▶ _Required action_
Please set down every entry again exactly as it stands, without the pictures.

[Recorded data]
====

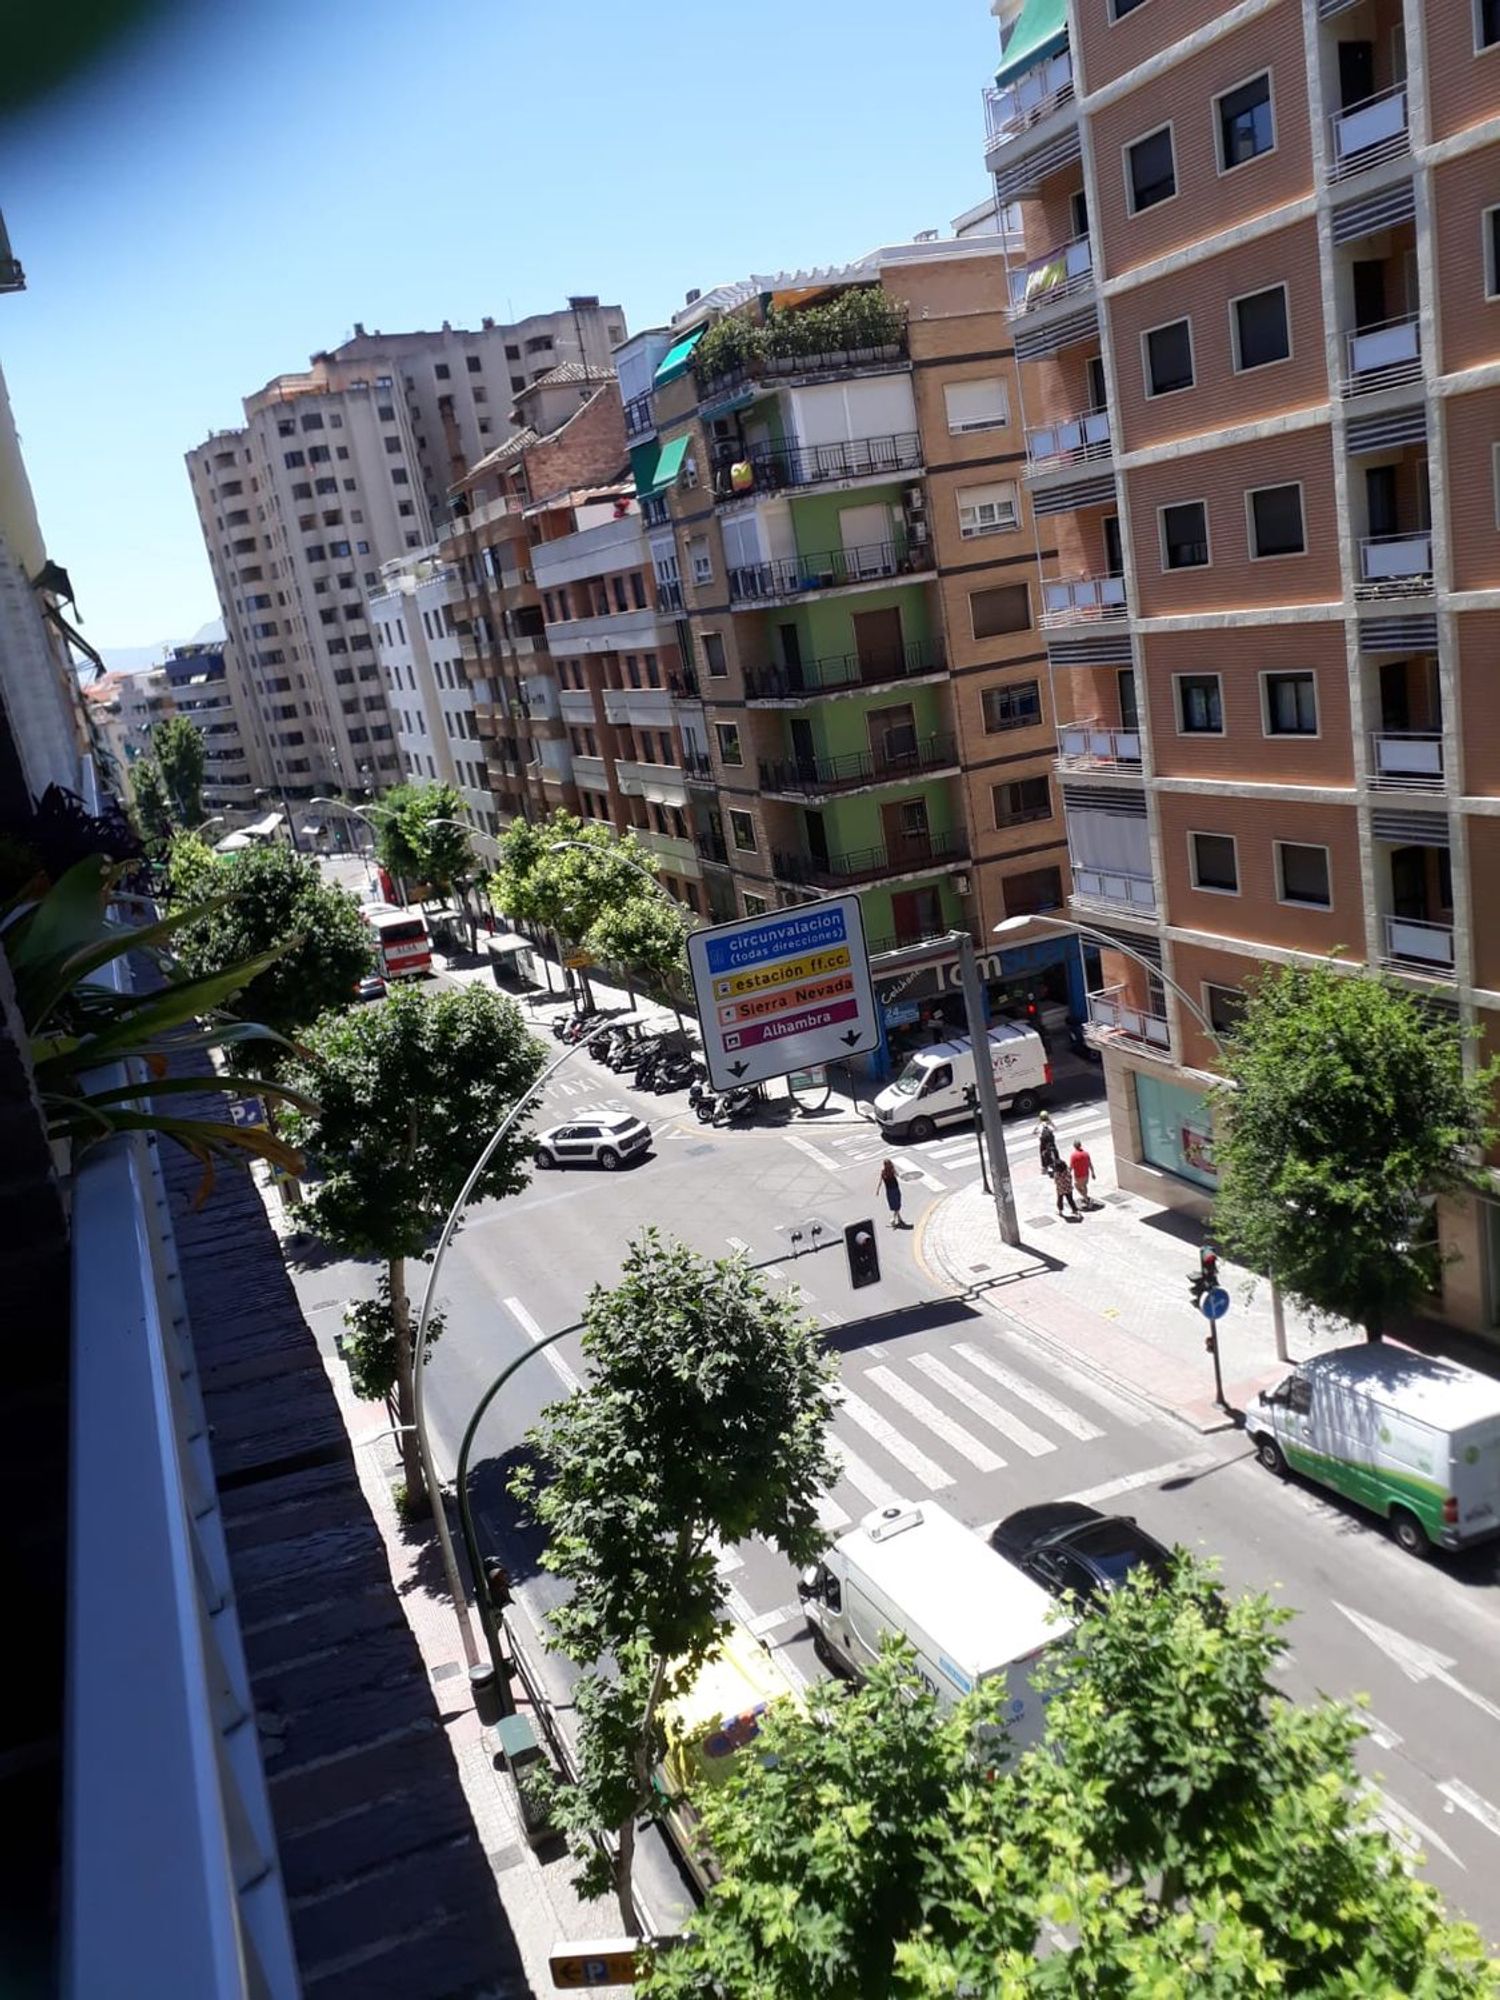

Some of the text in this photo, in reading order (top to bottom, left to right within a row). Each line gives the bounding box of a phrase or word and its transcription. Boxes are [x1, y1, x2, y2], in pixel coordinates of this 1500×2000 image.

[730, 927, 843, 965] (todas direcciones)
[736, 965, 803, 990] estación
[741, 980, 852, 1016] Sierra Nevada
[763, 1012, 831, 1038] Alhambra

====

▶ _Written response_
Some of the text in this photo, in reading order (top to bottom, left to right within a row). Each line gives the bounding box of a phrase or word and its transcription. Boxes are [x1, y1, x2, y2], in pixel coordinates of this 1500×2000 image.

[730, 927, 843, 965] (todas direcciones)
[736, 965, 803, 990] estación
[741, 980, 852, 1016] Sierra Nevada
[763, 1012, 831, 1038] Alhambra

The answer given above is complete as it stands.